It was raining, but… this rain was so different to the one I was used. In the future where I've always lived, rain was equal to danger. Once it started raining you had to find a place to shield yourself, or the heavy acid would simply kill you. But now everything was different. This was not the future. For the first time in my life I was standing in the rain and I was enjoying it. The water running all over my body felt like a purification. Finally…, this was where I was supposed to be.
I turned around and saw Nathan. He had his eyes closed. His face was totally relaxed, absolutely different to what I've seen the last months. Finally, after many years, he was able to fix the time machine, and make us return to the past. Well… in truth could you call past the time in which you were born?
He told me once, many years ago, that his childhood had been very similar to mine. He was taken to the future to survive. I was well aware of the virus that had damned his life, and knew that that was the reason why he grew up far away from his time and family.
He explained to me when I was a little child, that some people wanted me dead, and so in order to save me his father asked him to take me far in the future, where we wouldn't be reachable. It was supposed to be a place where I would grow without fear, without complications; a place where I could learn to use my so powerful powers.
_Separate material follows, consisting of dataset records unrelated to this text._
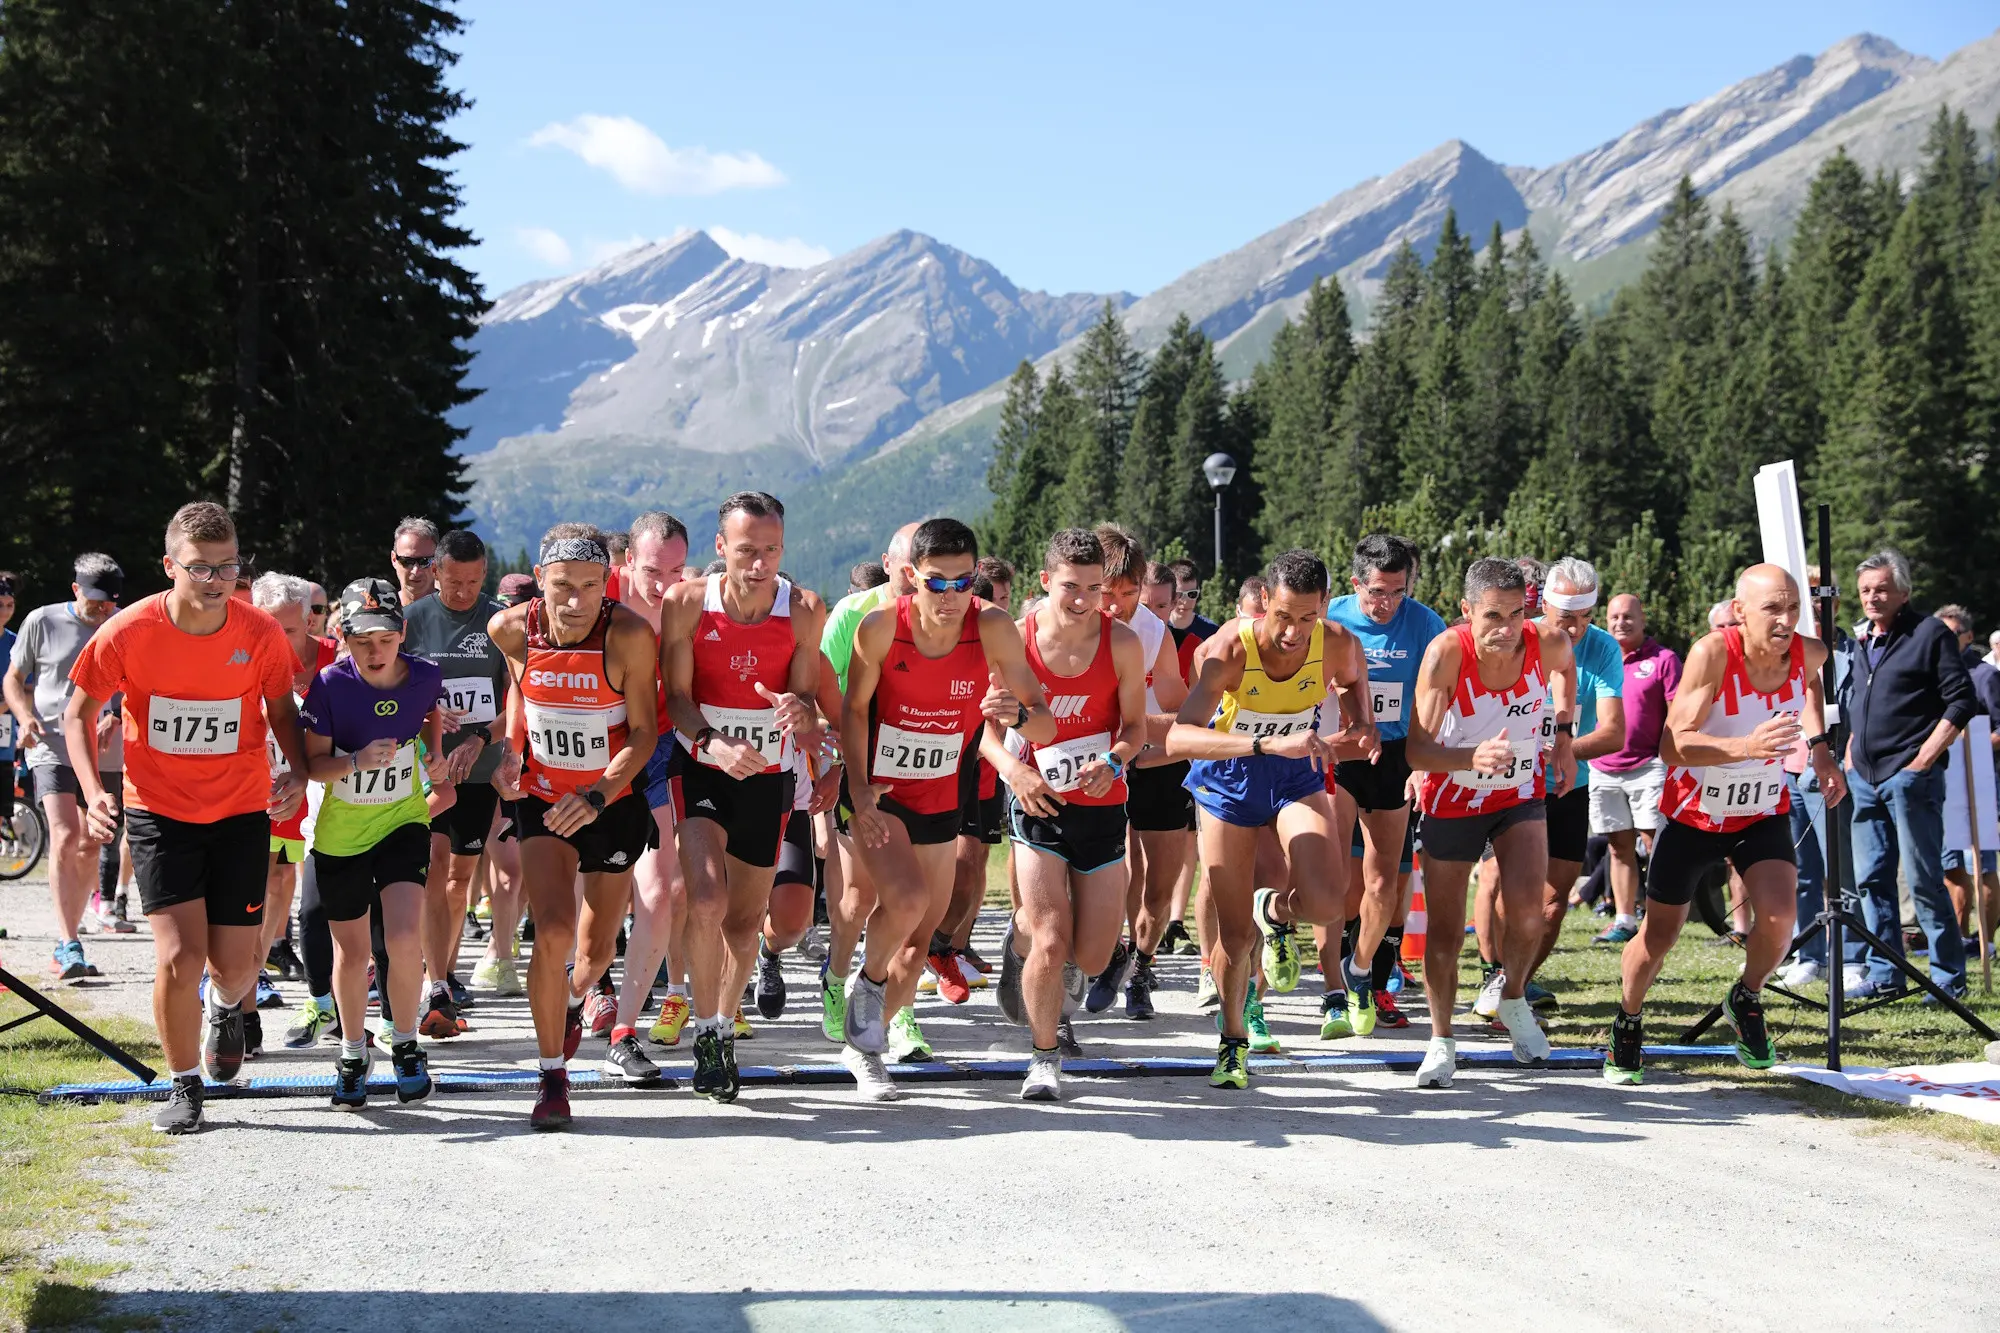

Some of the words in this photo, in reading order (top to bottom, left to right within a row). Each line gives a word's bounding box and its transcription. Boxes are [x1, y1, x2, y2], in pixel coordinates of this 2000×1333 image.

[1364, 648, 1407, 658] OOKS
[950, 680, 975, 696] USC
[910, 705, 960, 716] BancaStato
[1506, 698, 1541, 717] RCB
[173, 716, 219, 742] 175
[1254, 722, 1293, 736] 184
[544, 729, 586, 758] 196
[548, 760, 585, 769] RAIFFEISEN
[896, 746, 943, 768] 260
[353, 766, 396, 794] 176
[1727, 781, 1761, 806] 181
Let's say that the first part wasn't as planned. We had to run many years, but in the end I was able to learn. My power manifested some time after X Force came to help us. With it, some memories retuned too. Well, at first I didn't know they were memories. I thought I was having nightmares, terrible ones. I used to wake up feeling incredibly sad, crying and screaming. Nate would always come and make me feel better. He always asked me to tell him the dream. He was always so concentrate, he would hear every word I said.
In the end, both my powers and memories retuned with full force. At first the power I had was overwhelming, so very difficult to control. But now, six years later, after a lot of effort and work, from mine and my father's, eeeehh well, Nathan's part, I have totally control over it. It's a part of myself I can't live without now.
I'm connected to the very same universe. I can feel the life that surrounds it. I am Phoenix after all! The creator, the savior, the destructor!! For the fist time in my entire existence (counting my previous life as Jean Grey, and most important, as a cosmic entity) I feel complete. Absolutely complete. I'm a whole being, with many defects, but also with many good things like a loving heart and worship for life.
Now I'm standing in the rain, thinking what this new place and Time will offer me. I remember my earlier life, the X Men. But most importantly. I remember him. Scott… What should I do? Return to him? Confront him after his betrayal? Do I really love him, or are these feelings only a product of my memories? It's true; I can't deny that I used to love him with all my being. Every time I saw him my heart would jump for him, beg for him. But now I only think of him with fondness, like a good memory, a good past.
No, I don't feel like that anymore. I am a new person, with a different past and needs. There is only one thing that keeps me thinking constantly about that life.
The first time I saw him some years ago in the Future, I instantly knew we had a connection, some sort of bond. I don't know if Logan recognized me then, but I truly don't care. I know him as well as myself. He loves me. I can feel it even now. Once Nathan and I entered this time I felt him reaching to me. I am sure it is an unconscious act, but his love and essence screams to me.
Yes, he is my future. He is where I am going now, where I will start this new life, he is Home.